Red Light Therapy Goggles: One Test To See If You Need Them
Yes, it is good for the eyes. But are there any precautions to take, such as wearing red light therapy goggles? Let’s look at the evidence.
Takeaways:
- If using a laser, wear goggles.
- If using LEDs, wear goggles if the light is very bright. Do you need to squint? Wear goggles.
- This advice comes directly from Dr. Andrew Huberman, an ophthalmologist and neurobiology professor at Stanford University. (Here’s his Youtube video about red light therapy.)
- Just because red light therapy is good for the eyes does not mean it is safe to treat your own eyes.
- Speak to an ophthalmologist before treating your eyes with light.
Red Light Therapy Goggles
What happens when you look up on a sunny day? Do your eyes narrow to protect your retinas? Do your eyes feel a bit of pain or pressure, causing you to squint?
Squinting is your natural protection against bright light. Without it, your eye’s cells would fire so rapidly that they could burn out. That leads directly to partial blindness. Whether you are using lasers or LEDs for your red light therapy, check in to see if you are squinting. If you are, wear goggles.
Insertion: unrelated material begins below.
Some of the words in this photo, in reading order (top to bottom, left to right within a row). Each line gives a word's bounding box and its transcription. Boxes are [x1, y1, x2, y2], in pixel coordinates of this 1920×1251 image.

If you are using lasers, don’t wait to squint. Wear eye protection.
One reason red light therapy is exploding in popularity is the significant cost reduction gained when the industry switched from lasers to light-emitting diodes (LEDs). Lasers are expensive, while LEDs are more affordable. Another difference between lasers and LEDs is how they output light.
A laser outputs light in columns. This is known as “coherent” light. The columns are what allow the laser to focus lots of energy onto tiny targets. There are two ways that lasers are dangerous to the eyes. The energy beam is bright, causing the opsins (eye cells) to rapidly fire at dangerous levels. Second, lasers generate heat that easily burns human tissue.
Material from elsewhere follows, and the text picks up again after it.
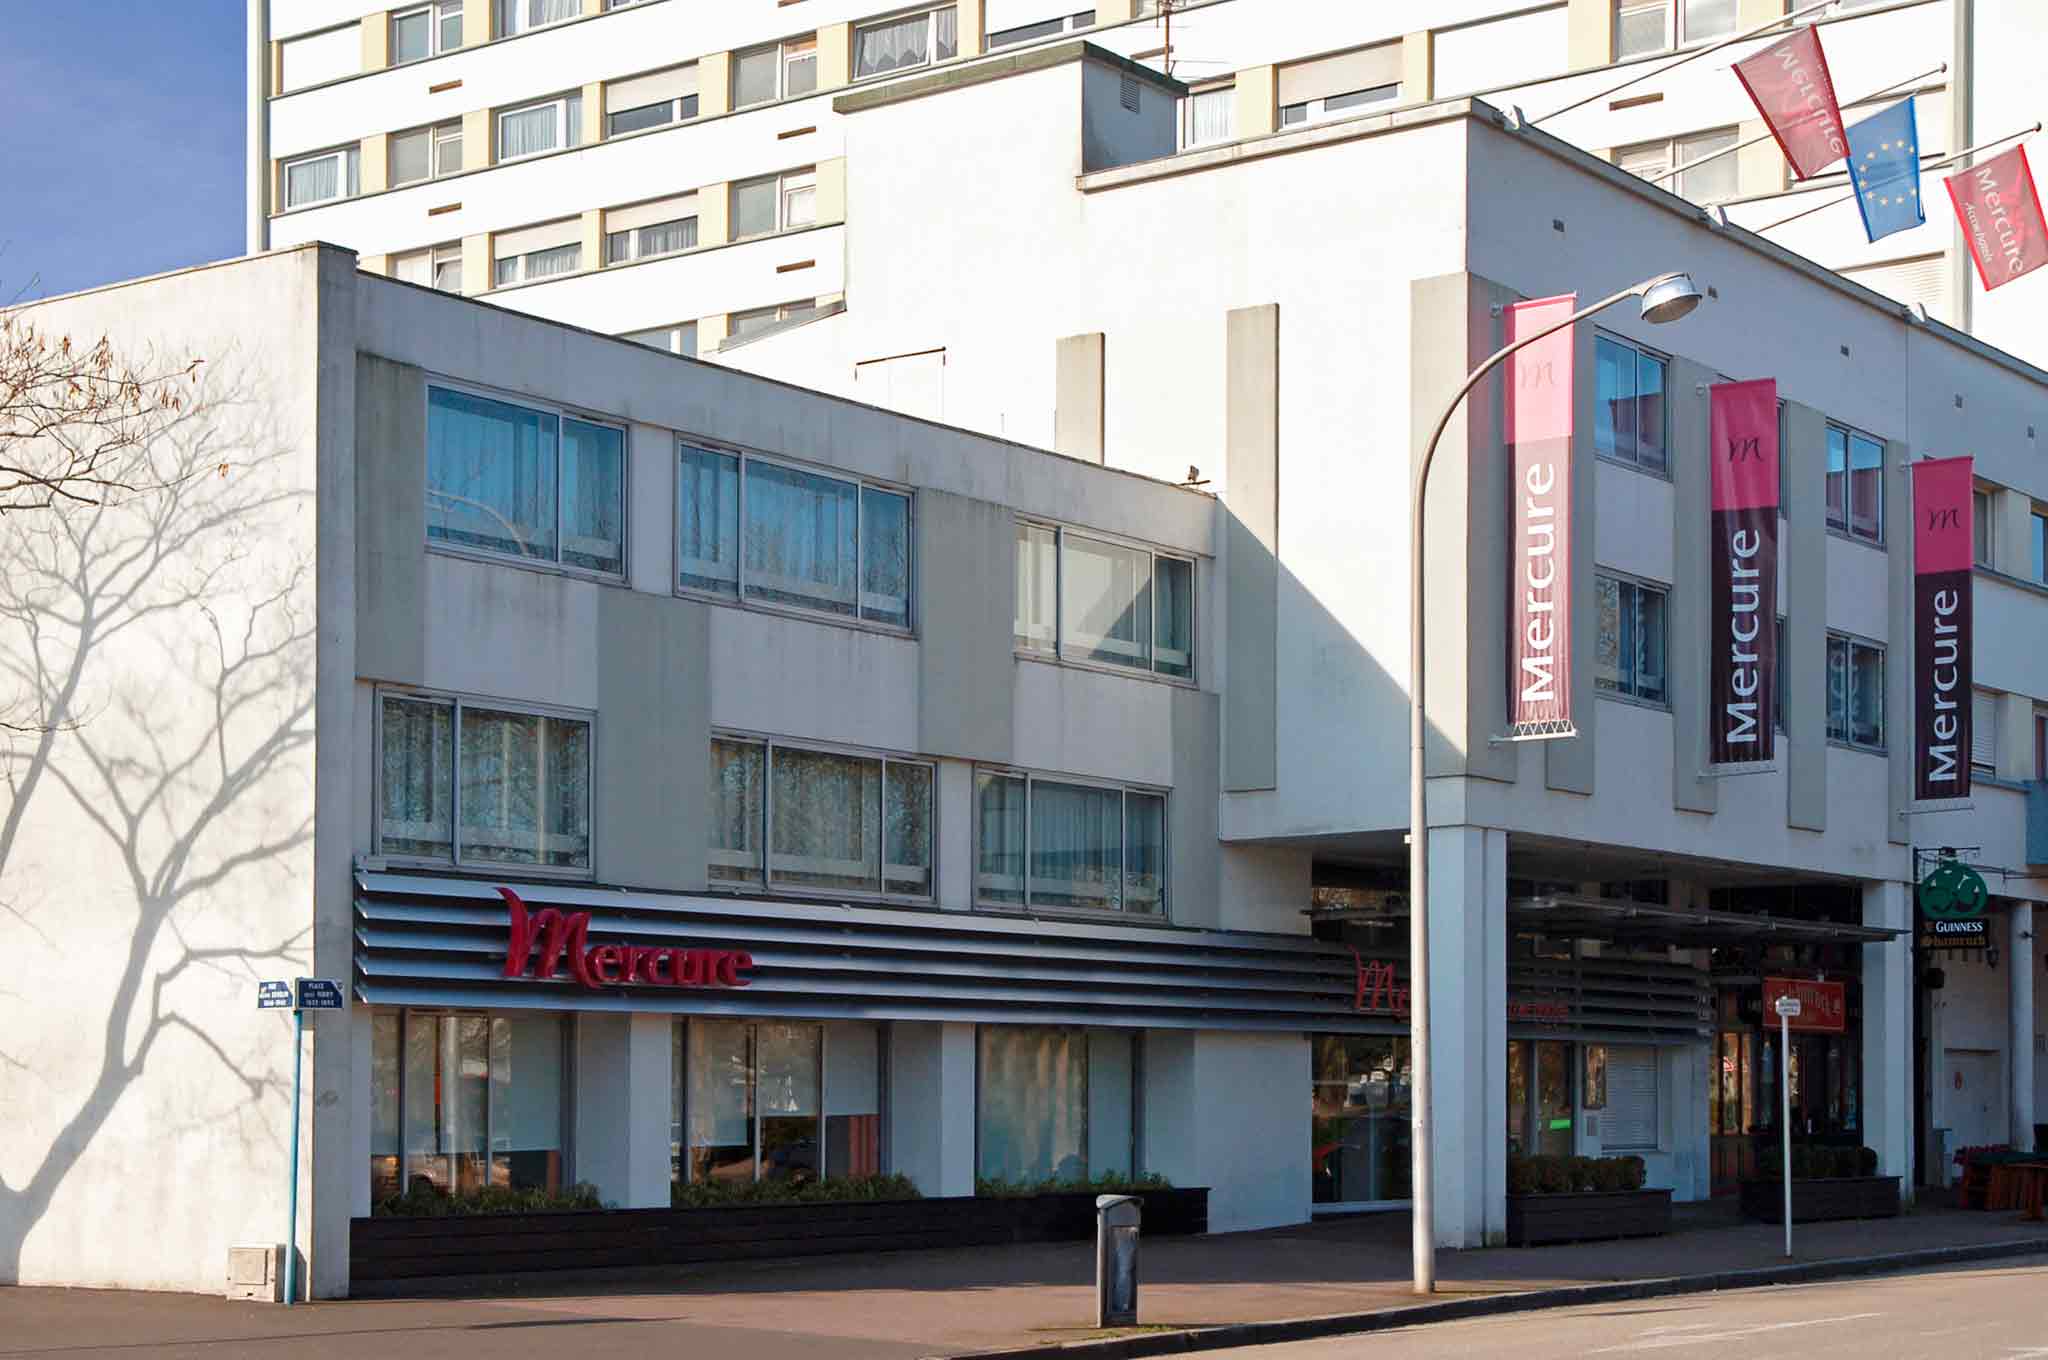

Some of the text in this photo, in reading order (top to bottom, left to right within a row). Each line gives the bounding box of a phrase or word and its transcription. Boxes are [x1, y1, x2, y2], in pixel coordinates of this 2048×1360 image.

Lasers easily and permanently blind the eyes.
Even a low-energy laser delivers light in columns that concentrate light energy. Low-energy lasers are dangerous.
Low Energy Light
In a study study published in Scientific Reports. researchers tested red light therapy on the eyes. They used 50 milliwatts per square centimeter (50 mW/cm2), which is dim enough to be safe around the eyes.
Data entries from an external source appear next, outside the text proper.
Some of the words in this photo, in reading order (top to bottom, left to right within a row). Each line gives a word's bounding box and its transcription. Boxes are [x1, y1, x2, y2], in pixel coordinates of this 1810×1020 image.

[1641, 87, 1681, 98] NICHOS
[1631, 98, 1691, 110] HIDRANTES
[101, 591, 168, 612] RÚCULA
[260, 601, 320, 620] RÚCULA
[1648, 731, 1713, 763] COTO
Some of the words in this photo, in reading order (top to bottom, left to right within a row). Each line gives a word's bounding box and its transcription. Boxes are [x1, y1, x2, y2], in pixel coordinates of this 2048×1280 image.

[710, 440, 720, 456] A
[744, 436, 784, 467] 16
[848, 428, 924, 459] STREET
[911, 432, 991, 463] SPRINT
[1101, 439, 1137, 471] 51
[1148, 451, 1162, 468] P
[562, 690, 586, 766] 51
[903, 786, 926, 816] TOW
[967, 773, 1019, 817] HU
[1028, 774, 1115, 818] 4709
The subjects closed their eyes during treatment. Researchers shined the light through the eyelids. One group received a single dose of 670 red or 790 nm infrared for 3 minutes in the morning. The second group received the same therapy but in the afternoon.
The morning group had a significant improvement in their color perception. Morning therapy improved vision from 14% to 20%, with older subjects having the most gains.
The afternoon group did not improve. Somehow the morning treatment was therapeutic, but the afternoon session was not.
We can also learn about eye safety from this study.
The researchers considered 50 mW/cm2 red and infrared safe to shine through closed eyes. It does not mean that 50 mW/cm2 light is safe to shine on YOUR eyes.
Why?
Any light you buy is a consumer quality device with no guarantees of its specifications. Changes are near 100% that a light you buy from business-to-consumer vendors is neither calibrated nor properly measured. Your light might be much brighter than stated.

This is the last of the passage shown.